Will Hyper-nationalism help Trump?

According to not only ‘sponsored’ surveys but also well-known ‘fair-minded’ commentators and political observers who can barely hide their support for the continuation of the present regime, the soaring popularity of Prime Minister Narendra Modi is unaffected by his constant failure in governance. They cite many reasons to support their claim, but one reason most of them will not talk about is that in the last six years the current dispensation has so heavily administered the opiate of hyper-nationalism to the masses that it shuts their minds from the many travails in their daily lives.

Donald Trump of the United States may well have sought inspiration from his ‘good friend’ Narendra Modi to raise the pitch of nationalism in his country as he fights a tough battle to retain his White House perch in the November presidential poll. Modi must have been flattered, not embarrassed, when Trump’s publicity used clips from the two events attended by him and Modi—‘Howdy Modi’ in Texas and ‘Namaste Trump’ in Ahmadabad.

Trump has a single word of contempt for the unfriendly media: Fake. Modi has used wider options that include steadfast refusal to hold a presser which is bound to attract questioning media personnel and manipulating nearly the entire spectrum of Indian media which has converted itself into his drum-beaters.

The nosy parkers in the US media are big irritants for Trump; Modi is blessed with having the media eating out of hands. The US media refuses to be cowed down by Trump who has been accused of routinely lying: some reports have mentioned astronomical numbers like 10,000 ‘lies’ spoken by Trump in office. Thanks to a largely friendly and pliant media, there is no count of ‘lies’ spoken by Modi but a lot of what he claims or says has been found to be inaccurate or misleading.

There are some obvious differences in the understanding of the term ‘nationalism’ or ‘hyper-nationalism’ in India and the US. In India majoritarian politics is directly linked to sowing ill-will towards the followers of a particular religion; in the US what we call ‘majoritarianism’ is associated with ‘supremacists’.

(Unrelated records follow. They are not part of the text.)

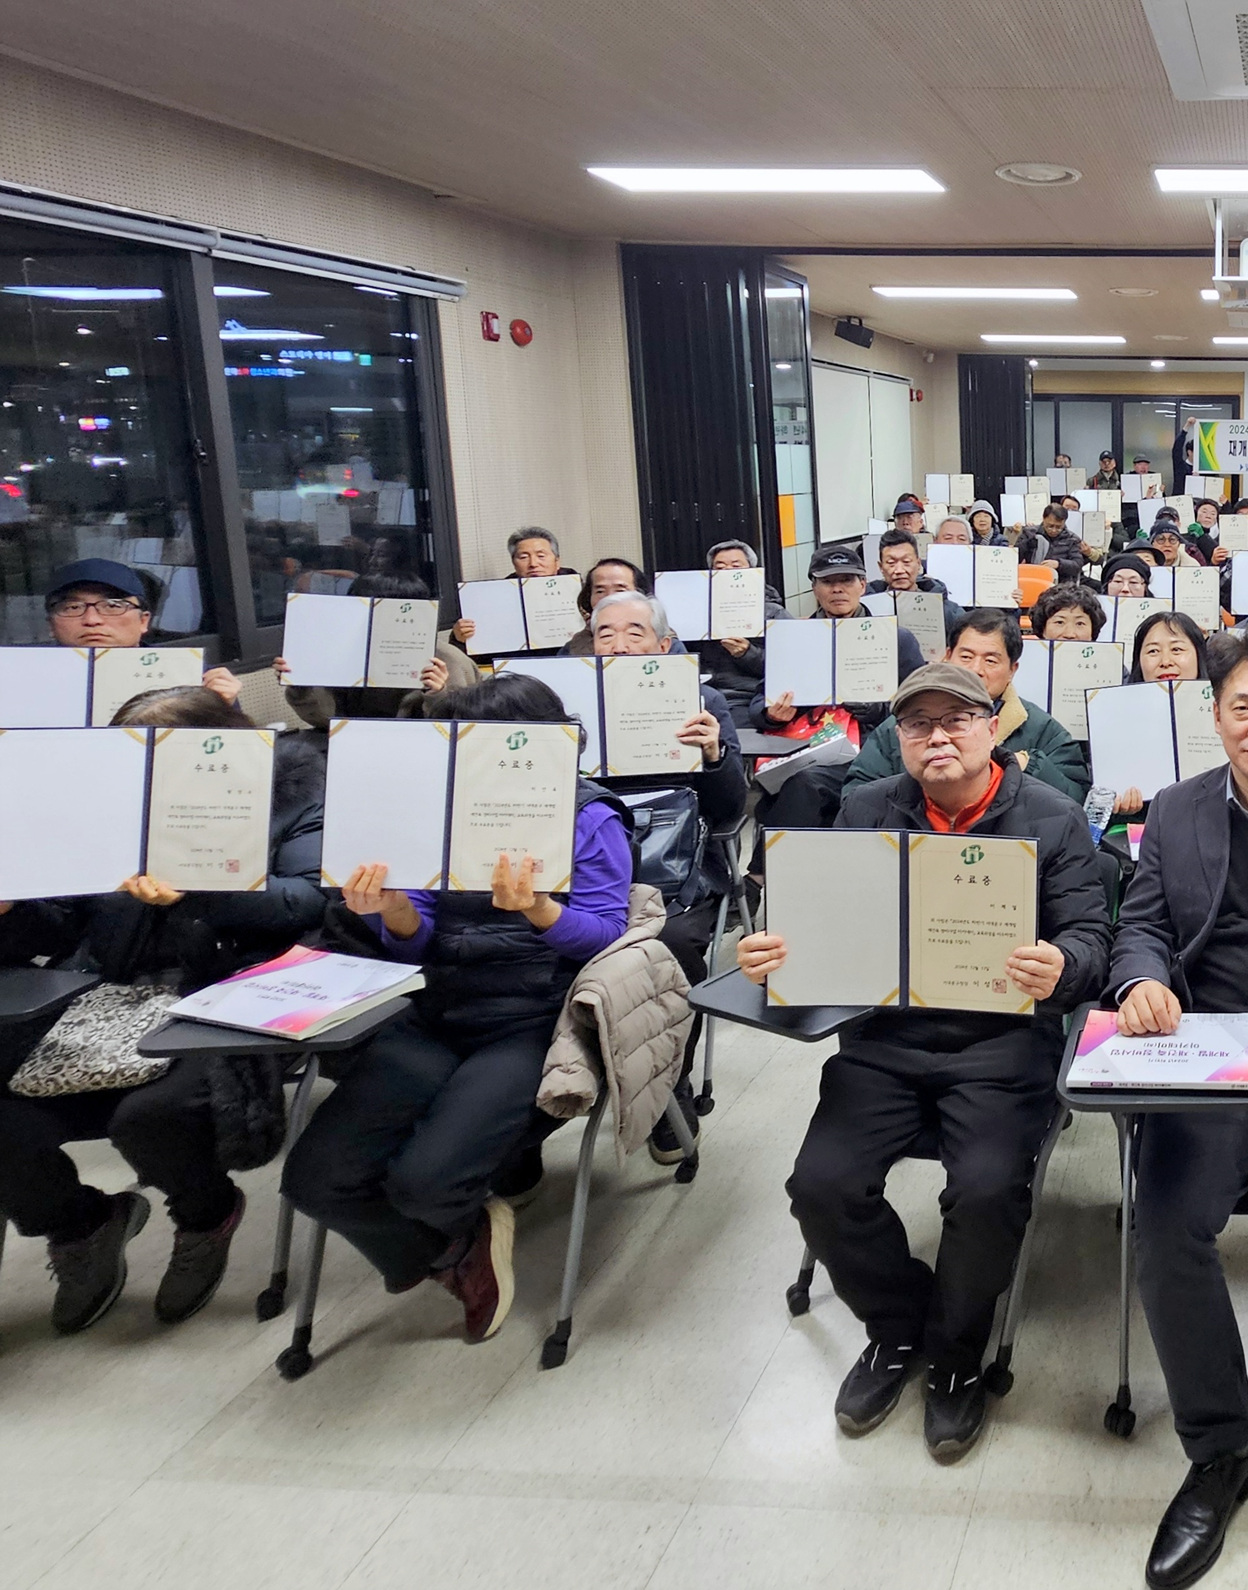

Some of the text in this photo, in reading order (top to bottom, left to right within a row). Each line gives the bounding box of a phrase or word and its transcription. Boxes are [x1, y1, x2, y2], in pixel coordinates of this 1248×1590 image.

[498, 760, 534, 770] 수료증
[953, 874, 992, 886] 수료증
[1109, 1049, 1153, 1057] 정비사업
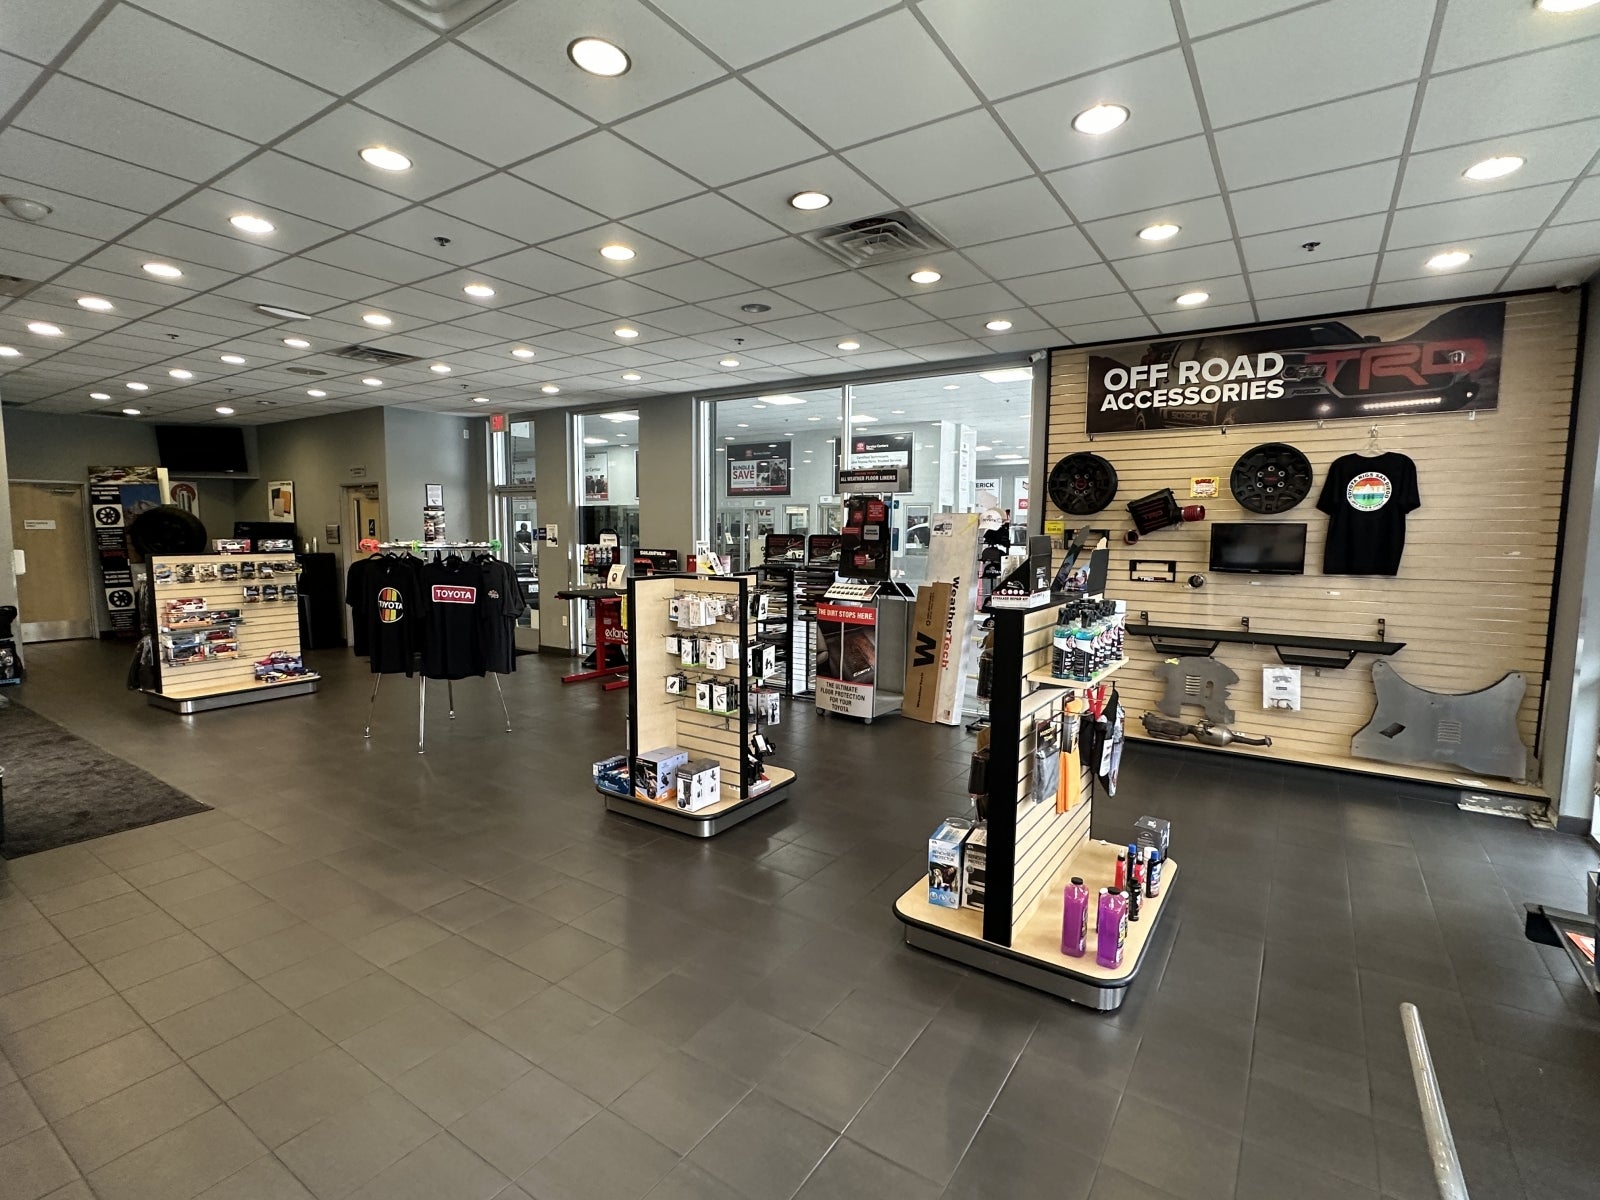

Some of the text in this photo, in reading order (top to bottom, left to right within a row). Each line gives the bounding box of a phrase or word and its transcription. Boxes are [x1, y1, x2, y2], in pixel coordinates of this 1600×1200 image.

[1304, 338, 1488, 390] TRD
[1103, 352, 1284, 391] OFF ROAD
[1100, 379, 1285, 412] ACCESSORIES
[732, 470, 755, 480] SAVE
[435, 590, 472, 599] TOYOTA
[378, 600, 403, 610] TOYOTA
[818, 608, 874, 620] THE DIRT STOPS HERE.
[941, 576, 960, 668] WeatherTech
[826, 681, 858, 693] THE ULTIMATE
[820, 688, 866, 701] FLOOR PROTECTION
[829, 696, 852, 706] FOR YOUR
[831, 703, 849, 712] TOYOTA

The ‘Black Lives Matter’ campaign in the US is a clear reaction to supremacist violence against the Blacks; in India religious vigilantism has created a wide gulf between the majority community and the Muslim minority.

Unlike Modi, Trump’s popularity has been dropping at an alarming rate but he fervently hopes that his ‘patriotic’ supporters (mainly White) will outnumber the faithful of the Democratic rival Joe Biden, a dangerous ‘Leftist’, at the primaries. In the US electoral system, the voting in the primaries decides the outcome of the presidential poll, not the popular votes.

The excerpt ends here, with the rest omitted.